- [TASK]: Give the entries again exactly as they appear, but without the images.
=== RECORDS FOR THE EXERCISE ===
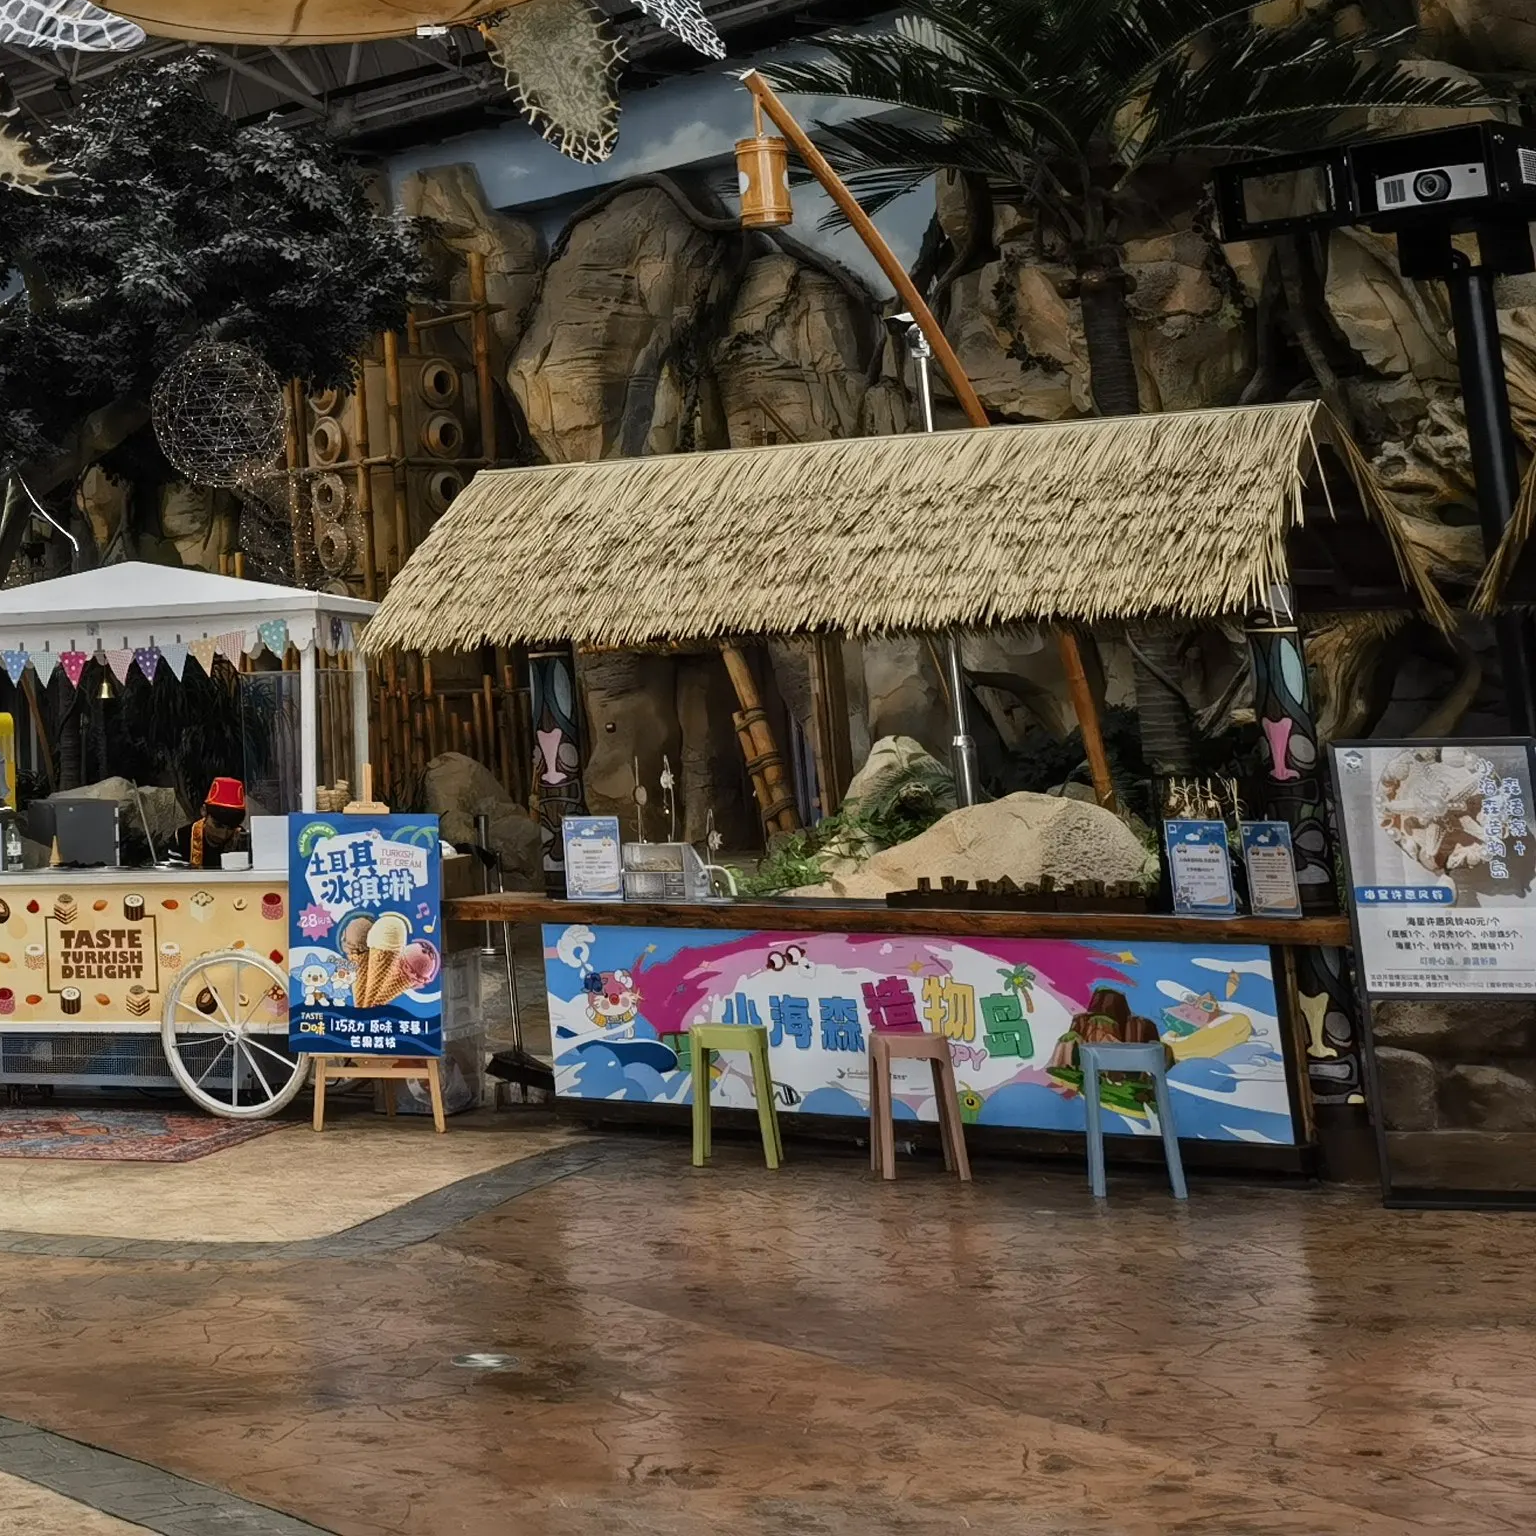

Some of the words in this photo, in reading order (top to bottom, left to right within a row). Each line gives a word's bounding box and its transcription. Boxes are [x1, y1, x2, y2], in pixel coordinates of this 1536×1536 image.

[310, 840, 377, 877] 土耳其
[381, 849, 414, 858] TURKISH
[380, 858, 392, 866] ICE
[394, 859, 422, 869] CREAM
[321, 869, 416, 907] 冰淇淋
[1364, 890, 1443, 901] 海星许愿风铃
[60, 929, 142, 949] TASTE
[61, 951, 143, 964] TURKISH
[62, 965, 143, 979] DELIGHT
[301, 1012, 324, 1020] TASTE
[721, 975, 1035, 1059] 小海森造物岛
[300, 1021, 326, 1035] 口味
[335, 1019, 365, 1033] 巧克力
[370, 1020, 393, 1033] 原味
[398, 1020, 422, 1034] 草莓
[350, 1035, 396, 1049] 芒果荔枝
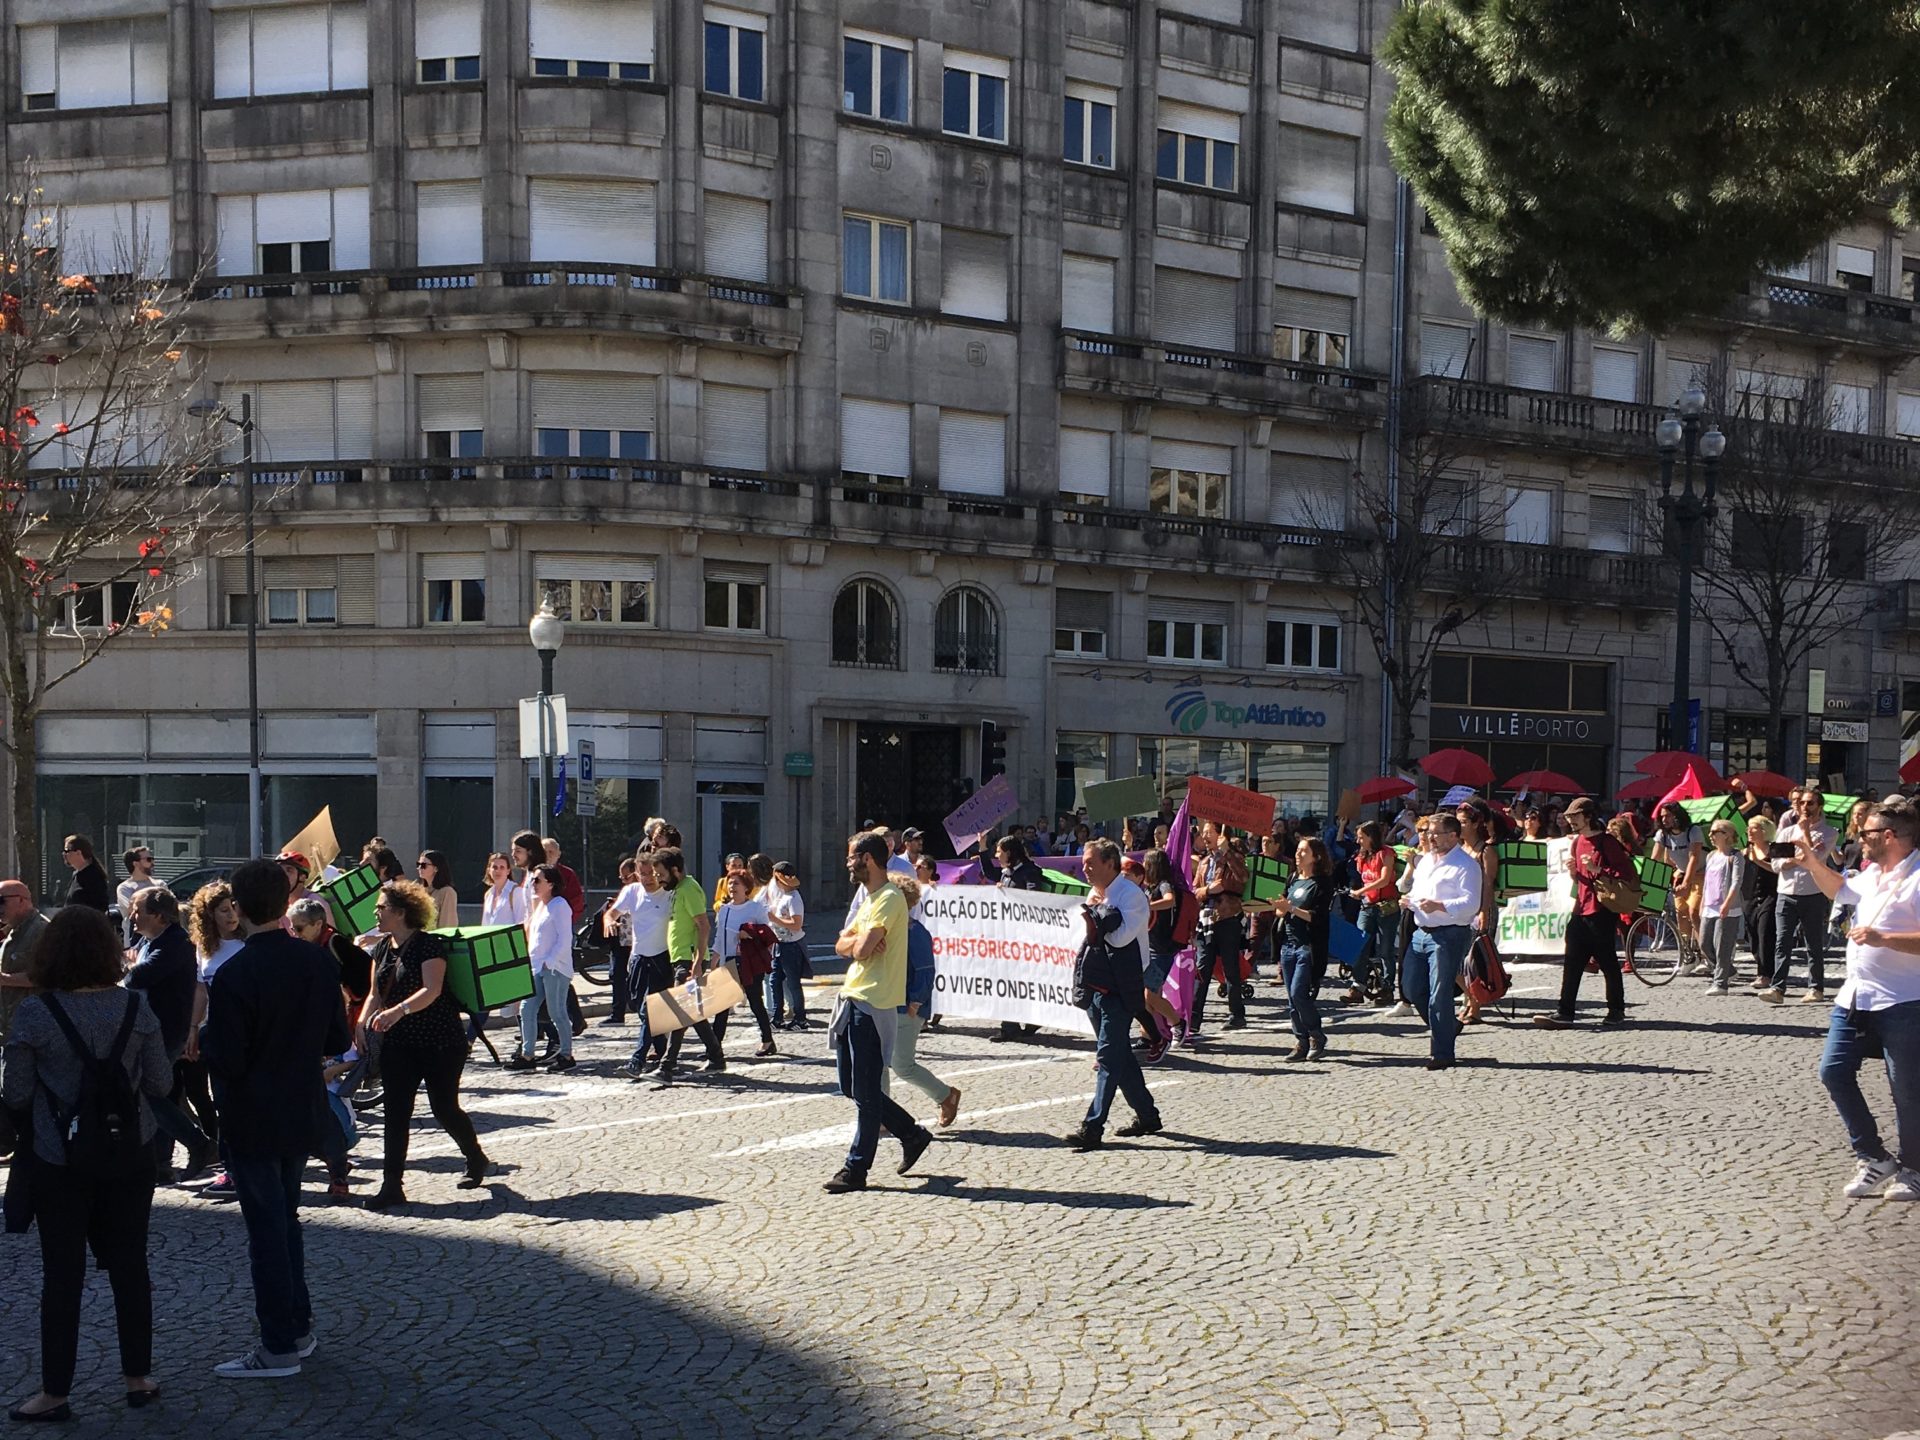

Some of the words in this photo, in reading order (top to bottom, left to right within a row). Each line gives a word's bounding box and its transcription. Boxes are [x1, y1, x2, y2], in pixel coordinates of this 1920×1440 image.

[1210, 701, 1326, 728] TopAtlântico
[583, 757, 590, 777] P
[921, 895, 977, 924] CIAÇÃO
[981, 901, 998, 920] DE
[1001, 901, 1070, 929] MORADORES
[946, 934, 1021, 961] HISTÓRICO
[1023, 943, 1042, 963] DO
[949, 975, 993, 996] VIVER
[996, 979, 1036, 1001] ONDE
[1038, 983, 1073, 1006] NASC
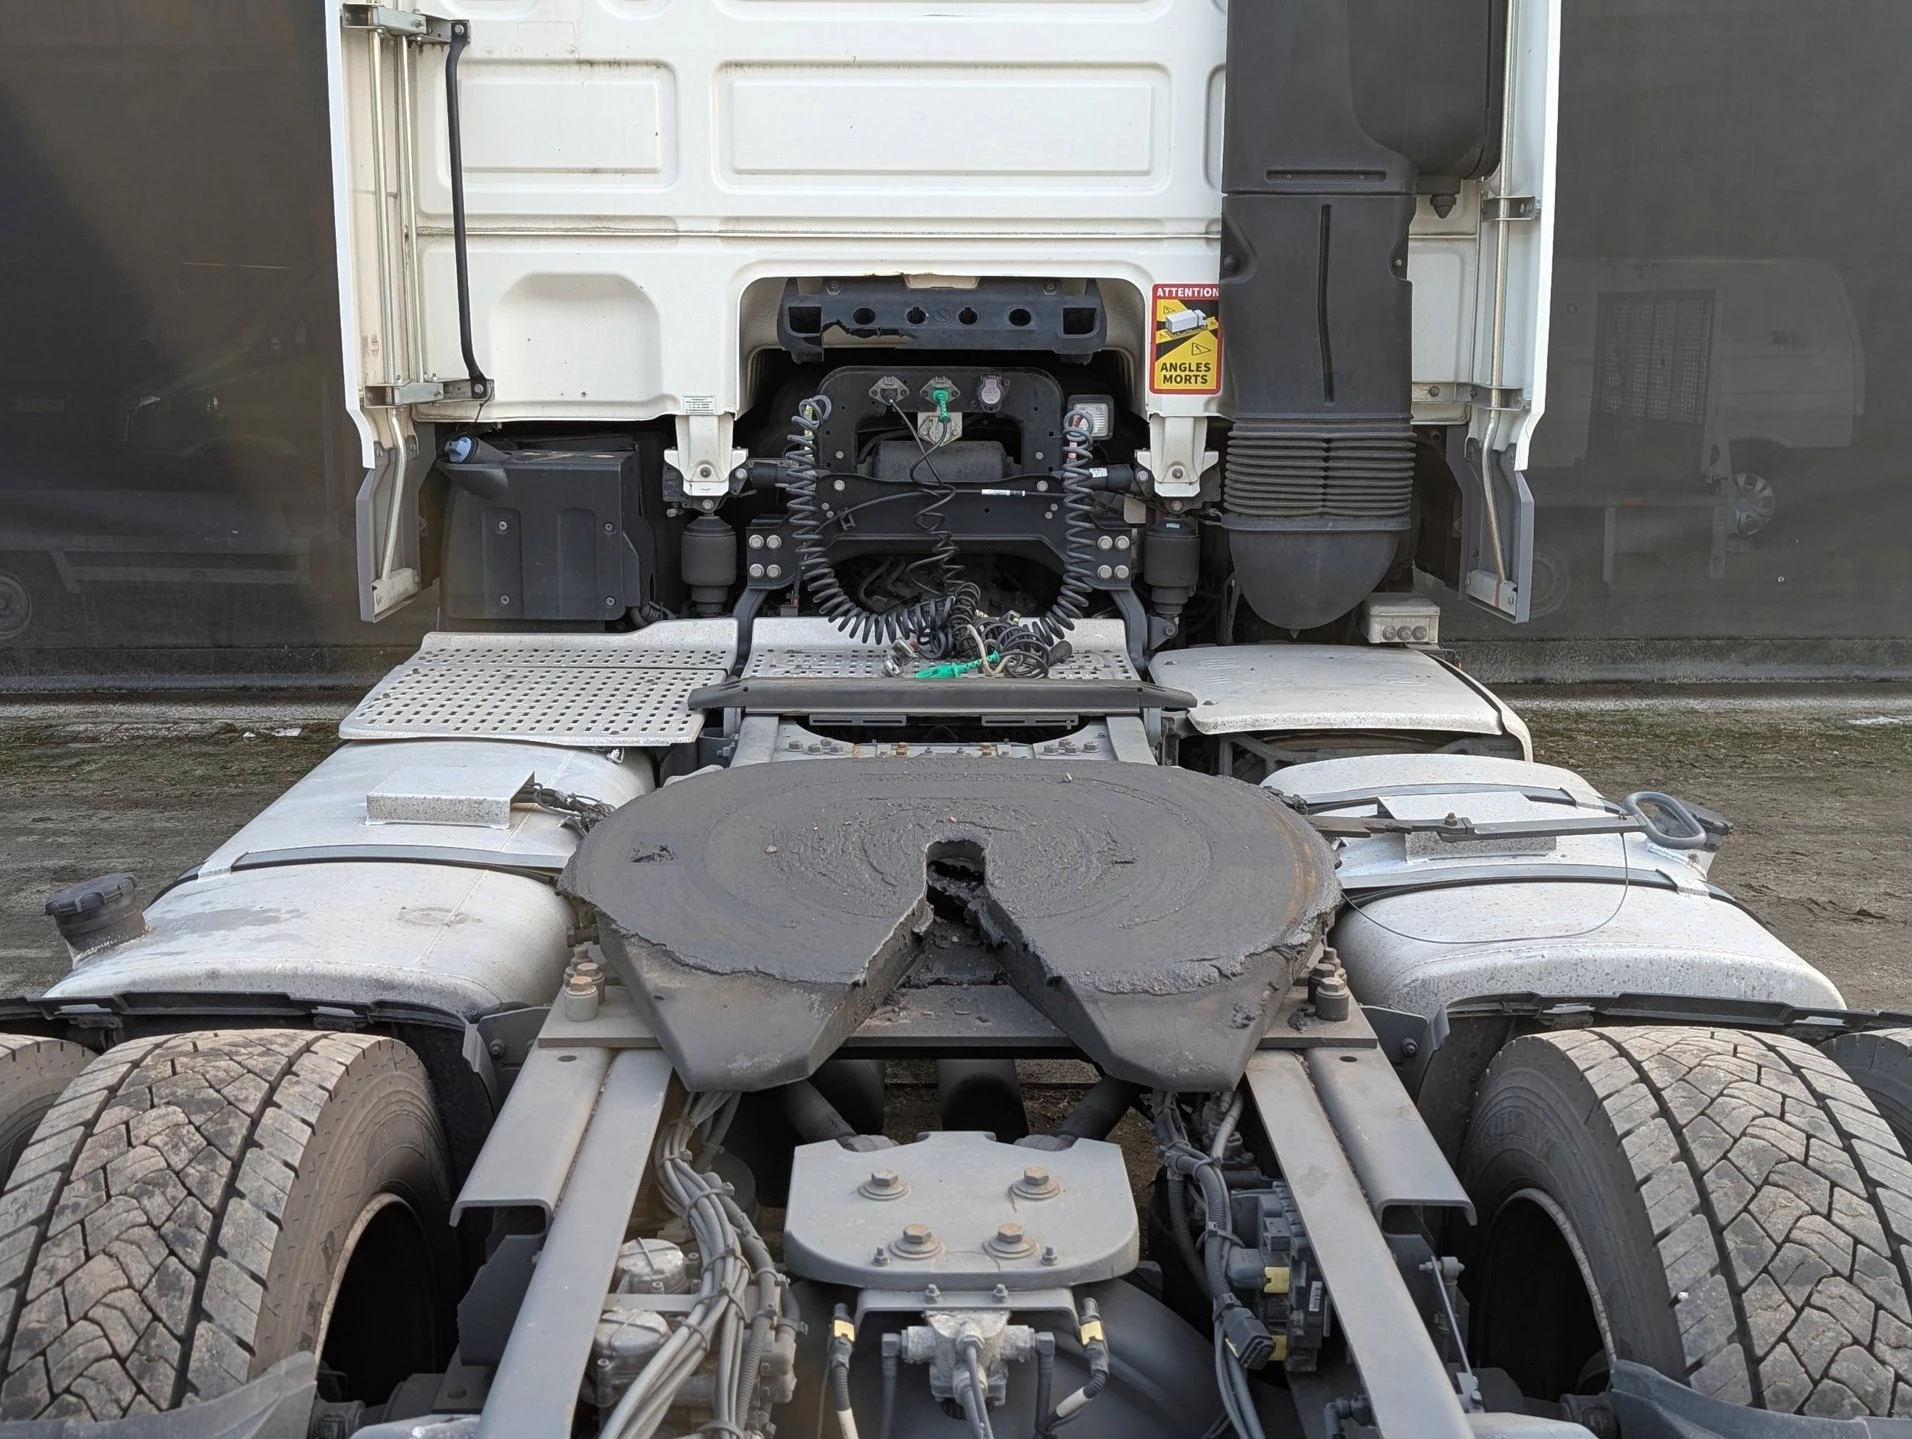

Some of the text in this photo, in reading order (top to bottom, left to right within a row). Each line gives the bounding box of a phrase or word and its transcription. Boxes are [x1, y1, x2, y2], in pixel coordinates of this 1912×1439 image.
===
- [RESPONSE AREA]:
Some of the words in this photo, in reading order (top to bottom, left to right within a row). Each line gives a word's bounding box and its transcription. Boxes are [x1, y1, x2, y2], in pixel coordinates of this 1536×1536 image.

[310, 840, 377, 877] 土耳其
[381, 849, 414, 858] TURKISH
[380, 858, 392, 866] ICE
[394, 859, 422, 869] CREAM
[321, 869, 416, 907] 冰淇淋
[1364, 890, 1443, 901] 海星许愿风铃
[60, 929, 142, 949] TASTE
[61, 951, 143, 964] TURKISH
[62, 965, 143, 979] DELIGHT
[301, 1012, 324, 1020] TASTE
[721, 975, 1035, 1059] 小海森造物岛
[300, 1021, 326, 1035] 口味
[335, 1019, 365, 1033] 巧克力
[370, 1020, 393, 1033] 原味
[398, 1020, 422, 1034] 草莓
[350, 1035, 396, 1049] 芒果荔枝

Some of the words in this photo, in reading order (top to bottom, left to right within a row). Each line gives a word's bounding box and its transcription. Boxes are [x1, y1, x2, y2], in pixel coordinates of this 1920×1440 image.

[1210, 701, 1326, 728] TopAtlântico
[583, 757, 590, 777] P
[921, 895, 977, 924] CIAÇÃO
[981, 901, 998, 920] DE
[1001, 901, 1070, 929] MORADORES
[946, 934, 1021, 961] HISTÓRICO
[1023, 943, 1042, 963] DO
[949, 975, 993, 996] VIVER
[996, 979, 1036, 1001] ONDE
[1038, 983, 1073, 1006] NASC

Some of the text in this photo, in reading order (top to bottom, left to right within a row). Each line gives the bounding box of a phrase or word and its transcription. Boxes are [x1, y1, x2, y2], in pixel coordinates of this 1912×1439 image.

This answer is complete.